ECEN 1200 - Telecommunications 1

Peter Mathys, Fall 2006, 11/03/06


Homework/Computer Lab 9: Analyzing and Editing Audio Files, Writing a "Sound Story"


How to Submit Solutions for this Homework/Computer Lab
Due Date: Friday 11-10-06
E-mail To: no-spam e-mail
Subject Line: HWCL 09
1'st Line: Your name and student number

This computer lab is written for Windows 9x/2000/NT/XT based PCs, with a Mozilla/Firefox Browser or an Internet Explorer. Those portions of the lab that are not platform-specific can also be run on a Mac.

To run the experiments in this lab your computer needs to have a soundcard and speakers or headphones. Make sure that you plug the speakers/headphones into the soundcard output (often located at the rear end of the computer) and not into the headphone output of the CD-ROM drive (usually located more conveniently at the front end of the computer).

Quick Links


Goals of this Lab

The goals of this computer lab are:


Programs to Download

For this lab you will need the following programs. If necessary, download them, unzip them, and then install them on your computer.

7-Zip Icon 7-Zip is a file archiver with high compression ratio. It supports the 7z, ZIP, GZIP, BZIP2 and TAR formats for both packing and unpacking. Unpacking only is supported for the RAR, CAB, ISO, ARJ, LZH, CHM, Z, CPIO, RPM, DEB, and NSIS formats. The home page of 7-Zip is at http://www.7-zip.org.

GoldWave 4.26 Icon GoldWave V4.26 is a sound editor, player, recorder, and converter. It can create entertaining sound files for Web pages, answering machines, or Windows sounds. A rich set of effects and editing features are included for professional sound production. High quality audio CDs can be created by using GoldWave in conjunction with CD writer software. The home page for GoldWave is at http://www.goldwave.com. Note: If you cannot install GoldWave because you have no administrator privileges, then you should use the files in gwave426run.7z after unzipping (with 7-Zip) to a directory of your choice.

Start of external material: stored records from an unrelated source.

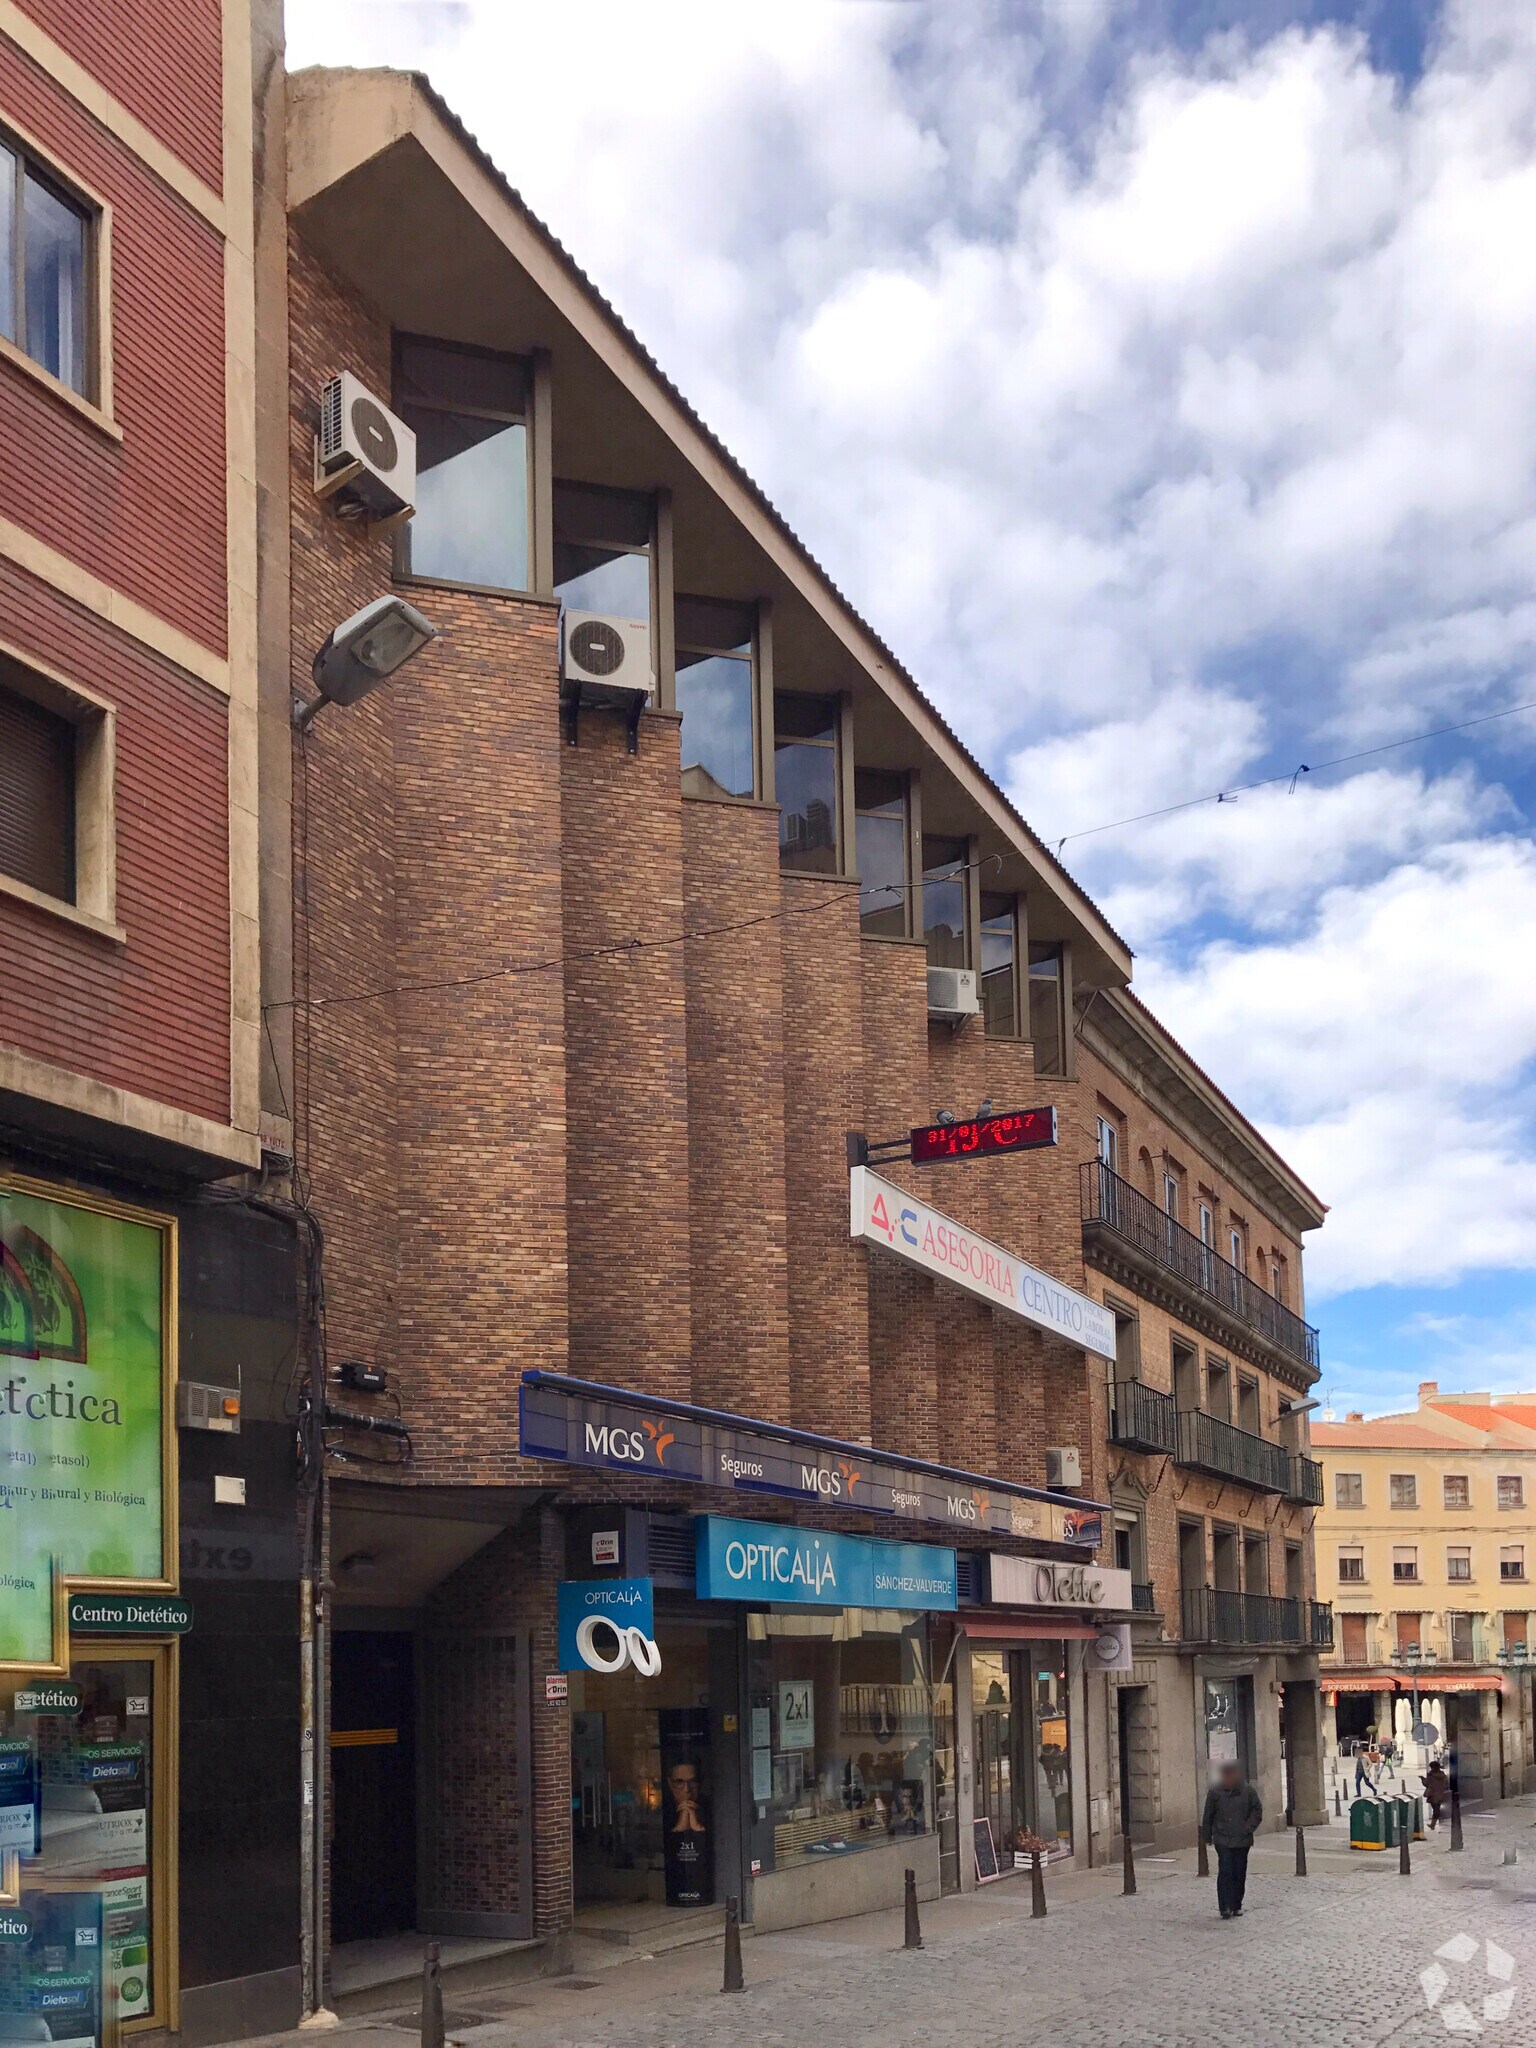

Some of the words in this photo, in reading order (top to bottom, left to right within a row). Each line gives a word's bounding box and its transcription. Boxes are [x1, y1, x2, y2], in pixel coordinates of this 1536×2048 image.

[922, 1219, 1015, 1298] ASESORIA
[1022, 1275, 1083, 1332] CENTRO
[585, 1422, 645, 1462] MGS
[720, 1453, 764, 1478] Seguros
[801, 1464, 842, 1496] MGS
[891, 1488, 921, 1510] Seguros
[947, 1495, 976, 1521] MGS
[1011, 1512, 1034, 1530] Seguros
[1052, 1518, 1074, 1538] MGS
[94, 1489, 146, 1508] Biológica
[875, 1571, 952, 1595] SÁNCHEZ-VALVERDE
[72, 1604, 123, 1622] Centro
[126, 1606, 188, 1624] Dietético
[552, 1685, 567, 1694] Drin
[785, 1691, 809, 1721] 2x1
[101, 1746, 142, 1758] SERVICIOS
[92, 1762, 132, 1777] Dietasol
[680, 1841, 694, 1850] 2x1
[51, 1975, 91, 1987] SERVICIOS
[42, 1991, 81, 2005] Dietasol
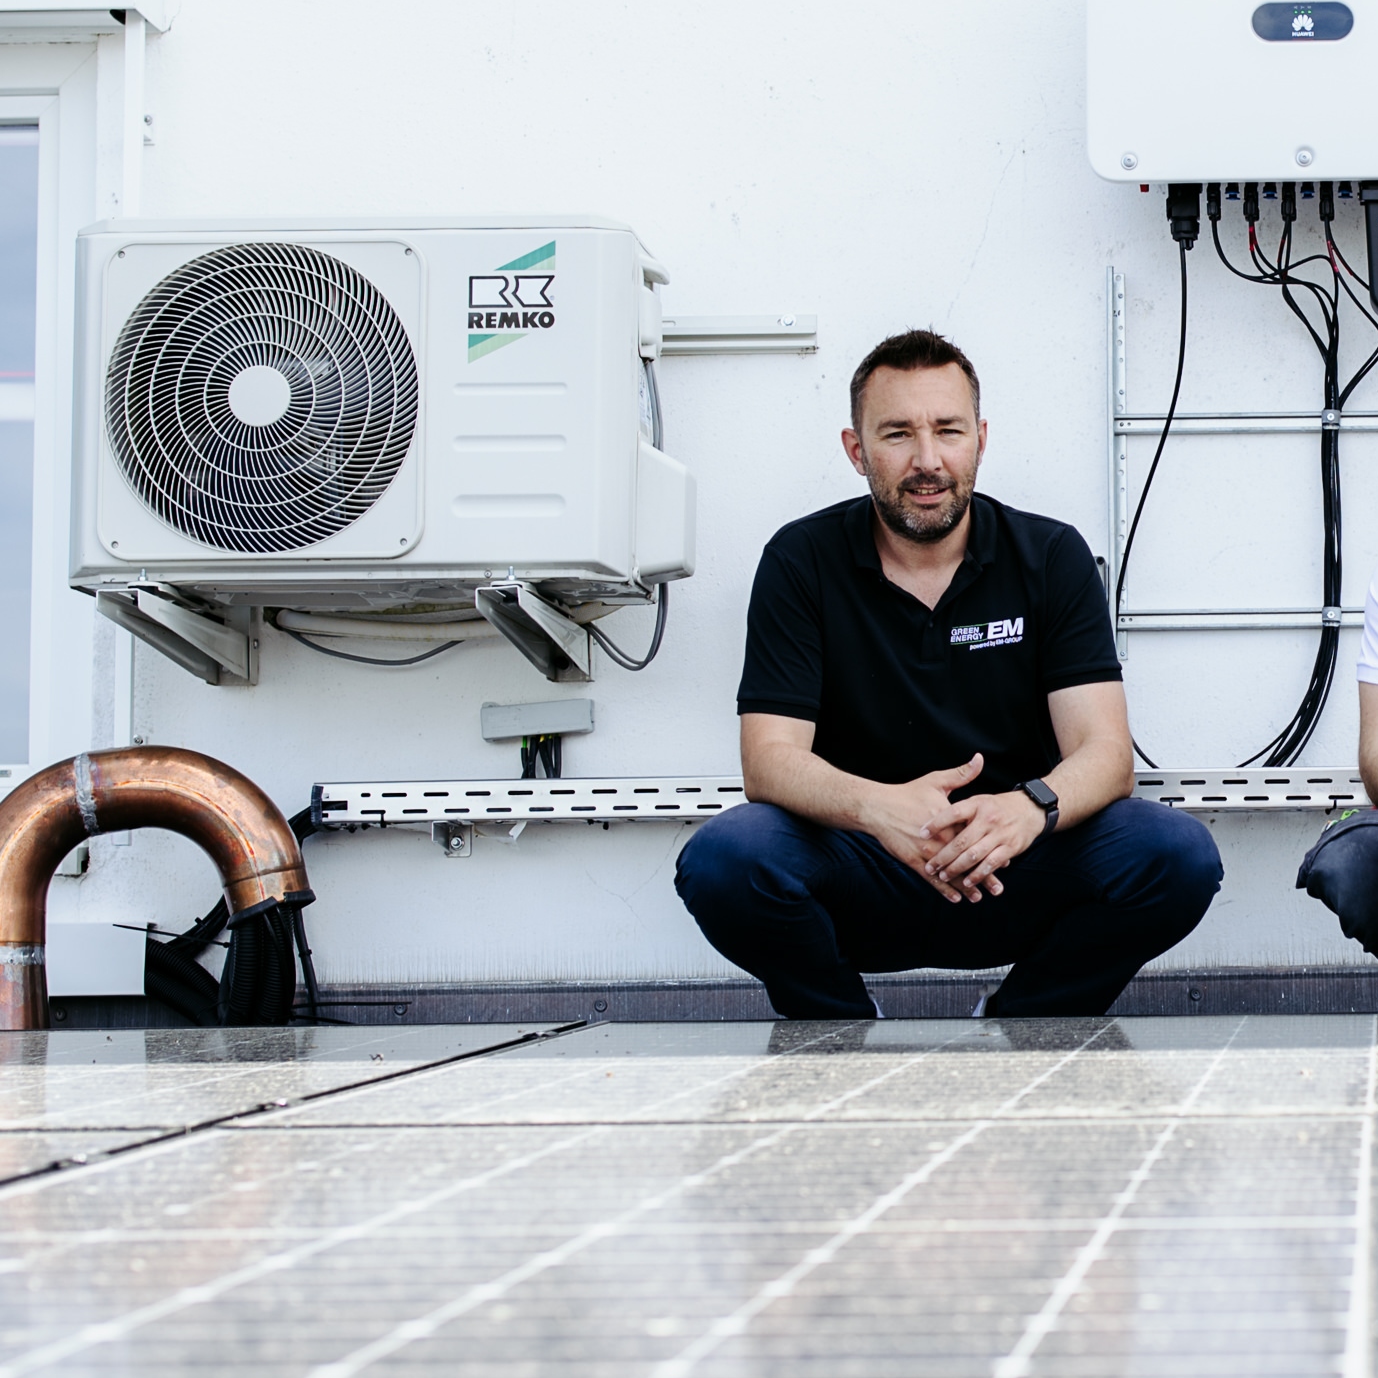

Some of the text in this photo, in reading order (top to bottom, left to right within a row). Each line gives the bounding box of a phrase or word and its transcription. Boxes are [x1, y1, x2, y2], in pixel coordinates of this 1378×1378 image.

[467, 311, 555, 329] REMKO
[950, 626, 980, 636] GREEN
[987, 617, 1024, 640] EM
[950, 632, 984, 643] ENERGY
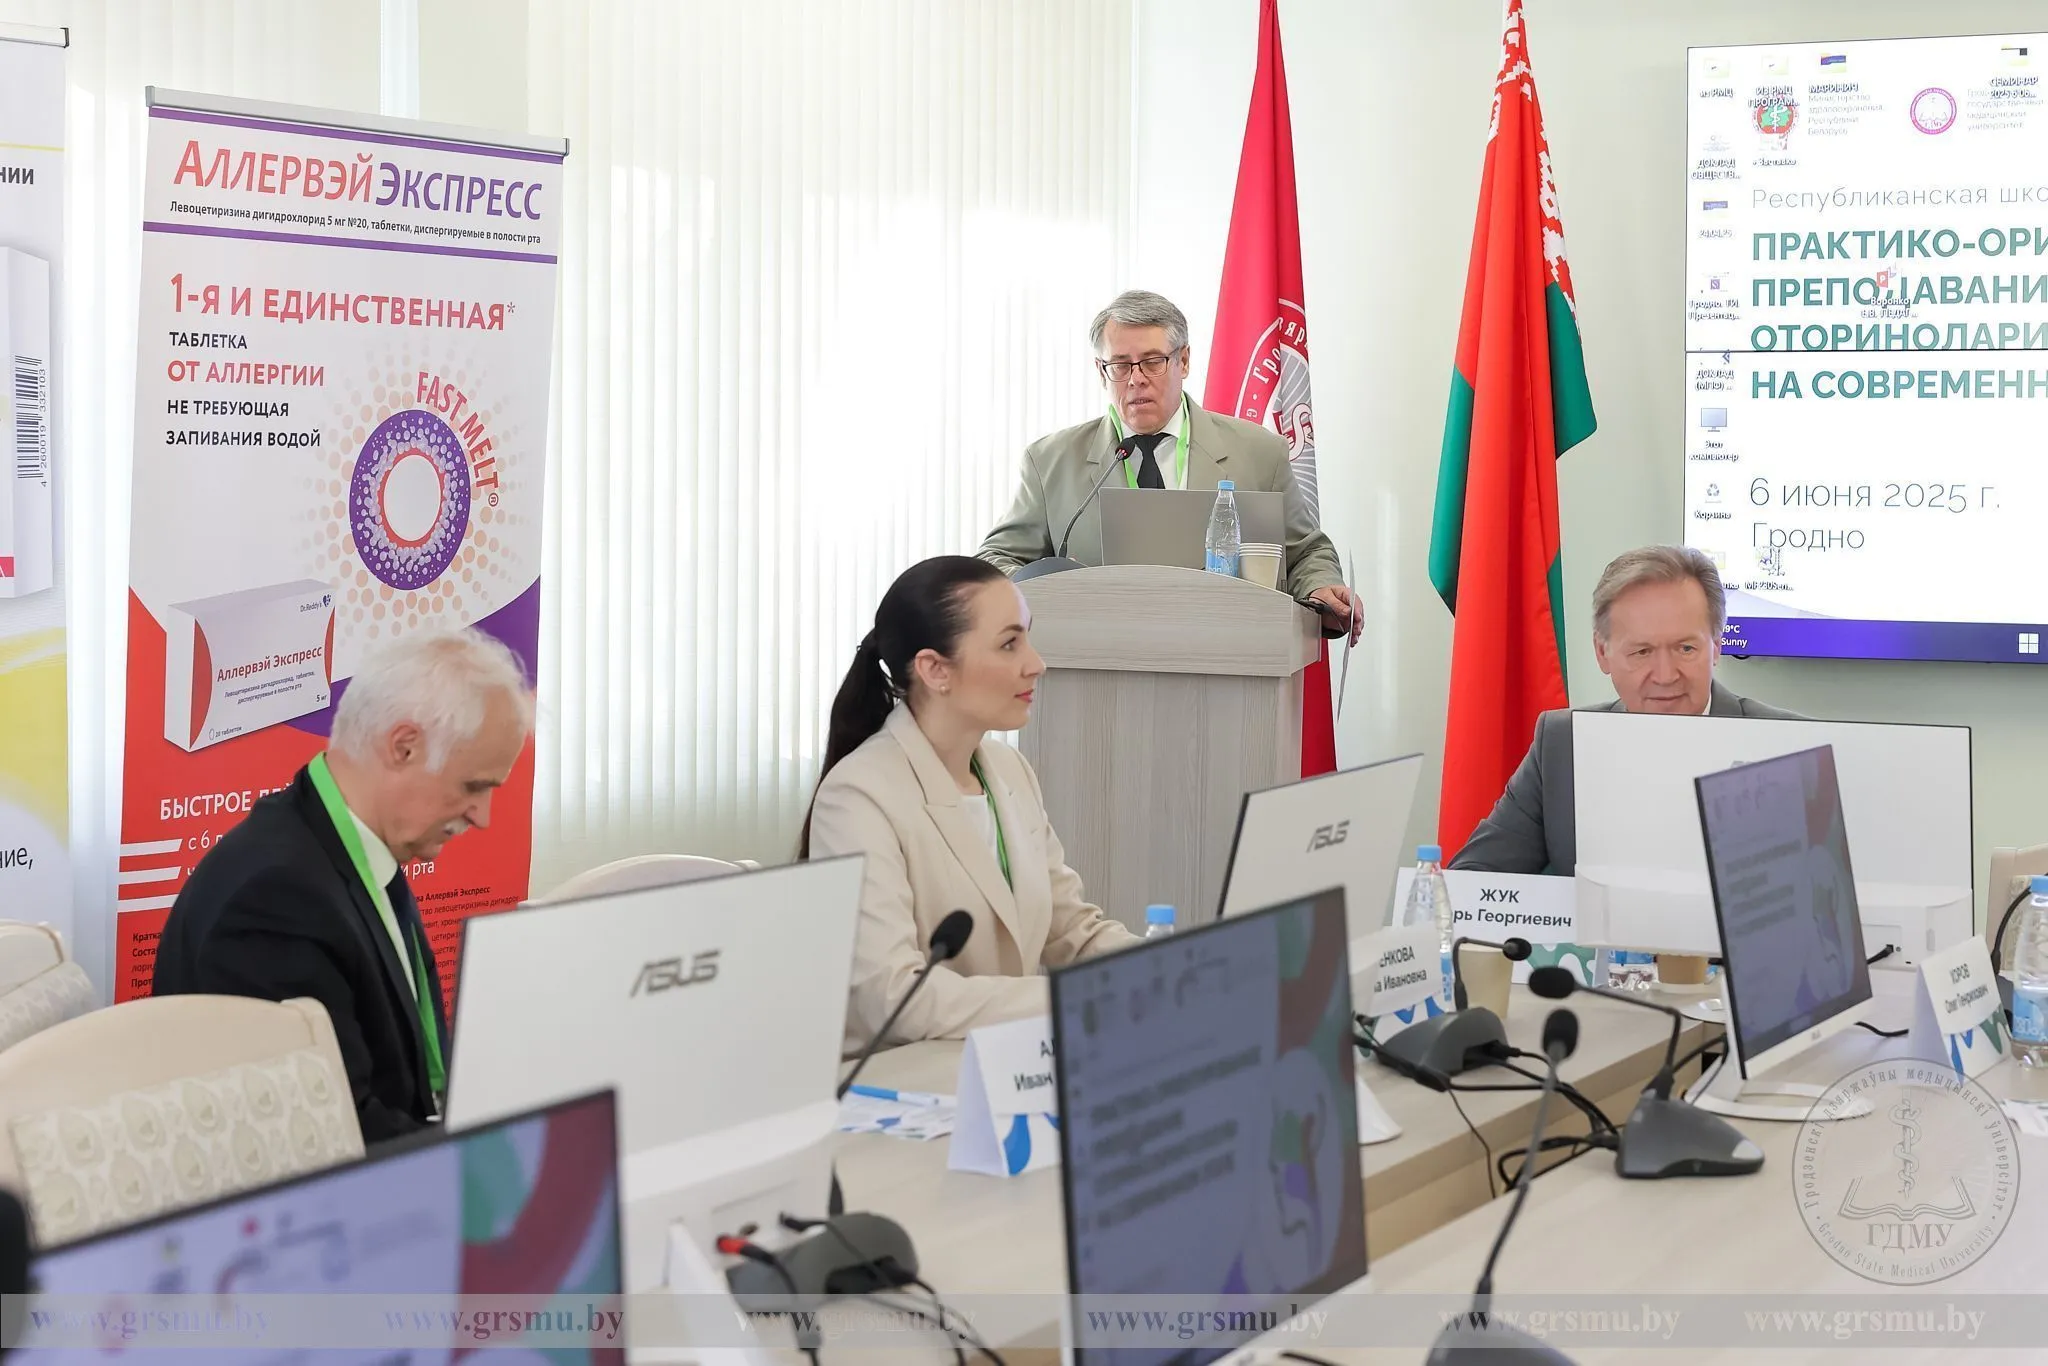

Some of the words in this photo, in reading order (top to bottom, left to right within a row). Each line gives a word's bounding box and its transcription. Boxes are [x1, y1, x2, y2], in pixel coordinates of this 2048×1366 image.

Spectrogram 4.1.2 Icon Spectrogram 4.1.2 (use 7-Zip to unpack the archive). Most ordinary sounds are complex combinations of individual frequency components or harmonics with a wide range of frequency and intensity. A spectrogram is simply a plot of the frequency components of such an audio signal as a function of time. With this Spectrogram program, digital audio recordings are analyzed to produce a plot of frequency versus time, with harmonic intensity represented by a variable color scale. These spectrograms reveal the fascinating hidden frequency structure of audio signals and can be used for identifying or classifying particular sounds.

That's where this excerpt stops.